Gunshot-detection technology is expected to be up and running on Cleveland’s northeast side by early April, the first part of a citywide expansion.
Currently, the technology is used only in 3 square miles in the Fourth District.
Cleveland City Council in October passed legislation that would use about $2.75 million of American Rescue Plan Act (ARPA) funds to expand ShotSpotter, a gunshot-detection technology that uses acoustic sensors and computer software to detect gunshots and alert police, throughout all five Cleveland police districts.
The Cleveland police’s Fifth District is the first in the city’s expansion, Commander Brandon Kutz, special assistant to the chief’s special projects and innovations, said Wednesday evening at a Fifth District police community meeting. He did not say where the technology would go but told residents it would cover two and a half square miles on the western edge of the district.
The department looked at homicides, felonious assaults, and calls for shots fired to decide what areas should be added.
After the Fifth District, detectors will go up in one square mile of the Third District, which covers the downtown area. A square mile of coverage will be added to the First District, which includes the area from West 85th Street to Kamm’s Corner and two square miles of coverage will be added to the Second District, which is just east of downtown.
The expansion is expected to be done this summer.

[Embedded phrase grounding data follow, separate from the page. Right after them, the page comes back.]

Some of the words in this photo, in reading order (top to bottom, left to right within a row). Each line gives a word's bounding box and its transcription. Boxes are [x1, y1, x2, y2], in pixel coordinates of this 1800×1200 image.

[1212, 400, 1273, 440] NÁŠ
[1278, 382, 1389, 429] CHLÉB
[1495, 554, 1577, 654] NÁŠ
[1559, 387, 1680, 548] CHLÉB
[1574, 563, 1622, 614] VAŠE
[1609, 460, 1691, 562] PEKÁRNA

The technology in the Fourth District will now be expaned to six and a half square miles.
Kutz said ShotSpotter has led to arrests, police recovering guns and police obtaining evidence.

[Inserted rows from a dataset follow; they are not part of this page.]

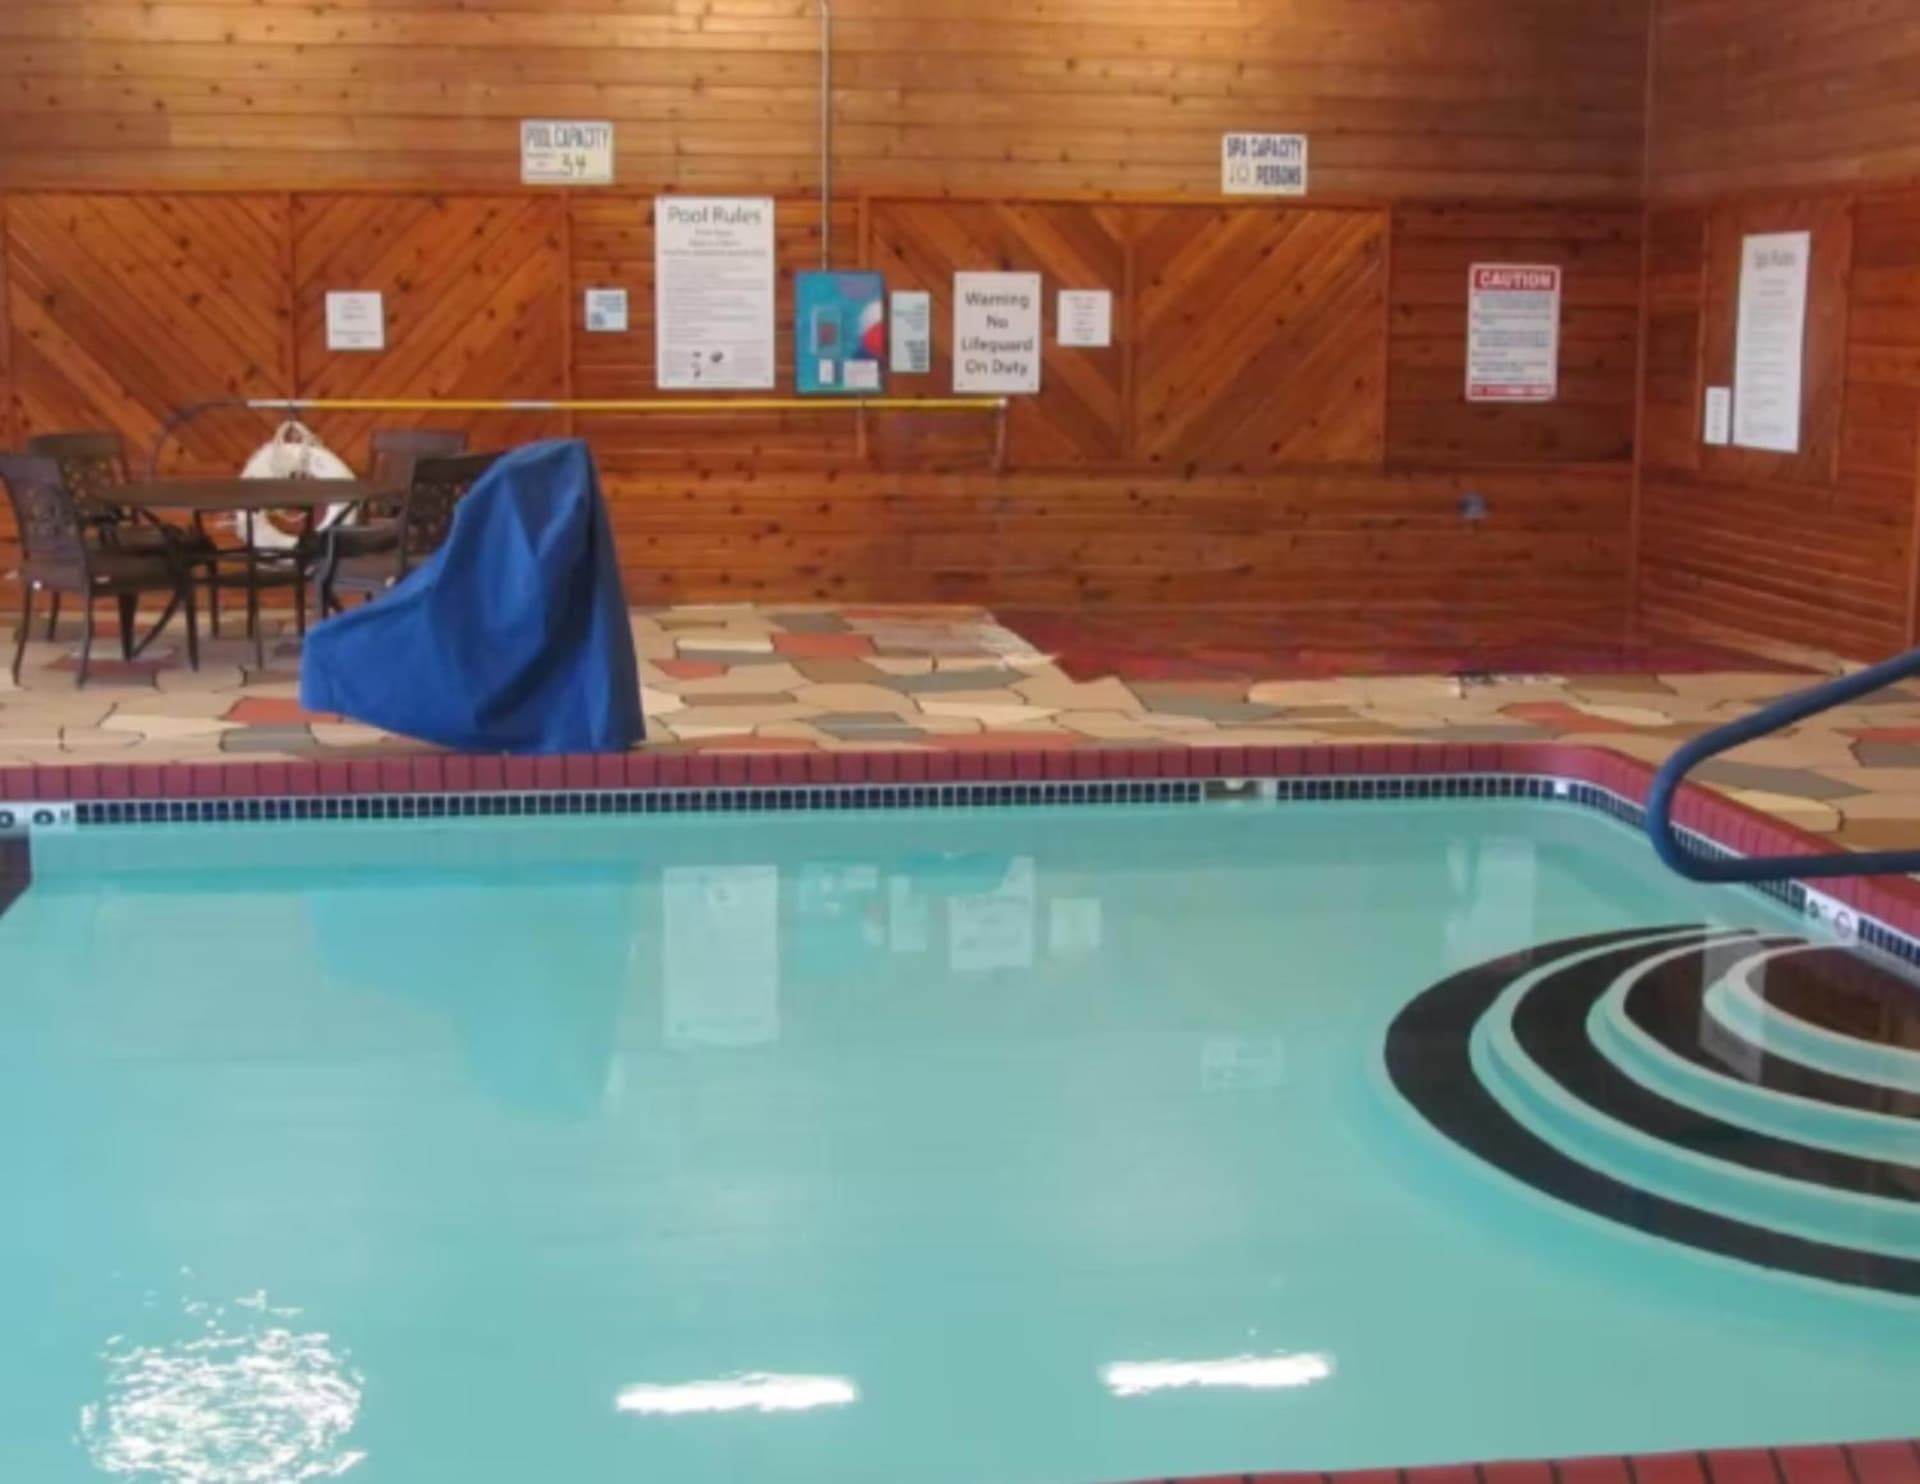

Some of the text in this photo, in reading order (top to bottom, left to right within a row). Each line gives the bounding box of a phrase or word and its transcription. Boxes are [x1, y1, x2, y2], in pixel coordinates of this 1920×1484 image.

[667, 206, 762, 225] Pool Rules
[1480, 271, 1552, 288] CAUTION
[965, 291, 1030, 310] Warning
[986, 315, 1009, 329] No
[961, 337, 1033, 354] Lifeguard
[965, 359, 1028, 377] On Duty

Officers are told to look for victims and potential suspects when responding to a ShotSpotter alert, Kutz told Fifth District residents. They are also asked to look for evidence, knock on doors and talk to neighbors.
“We tell them they still have to do an investigation. They still have to do police work when they get there,” Kutz said. “The technology does not give them the right to go up to somebody, grab them and throw them in the back of the car and take them to jail.”
But some residents have criticized the technology, citing studies that show it does not reduce crime.
Kareem Henton, an organizer with Black Lives Matter Cleveland, has voiced his concerns with expanding ShotSpotter.
“(Police) give a very misleading bit of information when they’re speaking to or when they’re advocating for that technology,” Henton said on Thursday. “They talk about the guns that have gotten off the streets. But the question should be asked how many of those guns were used in crimes and how many of those guns were actually fired?”
In an interview with Signal on Thursday, Matthew Ahn, assistant professor of law at Cleveland State University, pointed out that ShotSpotter technology still requires a person to definitively determine whether or not a sound is a gunshot.
“Given that the largest policing stories in Cleveland history involve people misidentifying sounds as gunshots … there are deep philosophical concerns that I have with the use of this service,” Ahn said.
He’s referring to the “137 Shots” incident where officers shot Timothy Russell and Malissa Williams 137 times during a car chase in 2012. Police started chasing Russell after they heard what they thought were gunshots. The sound was later determined to be a car backfiring.
He said data available from other cities using ShotSpotter shows it’s not effective at reducing crime.
A 2021 report from Chicago’s Office of Inspector General concluded that Chicago Police responses to ShotSpotter alerts “rarely produce documented evidence of a gun-related crime, investigatory stop, or recovery of a firearm.”
The report acknowledges a study on ShotSpotter’s impact in St. Louis that found an 80 percent overall increase in the volume of police responses to reported gunshots – but no significant reduction in crime attributable to the ShotSpotter sensors.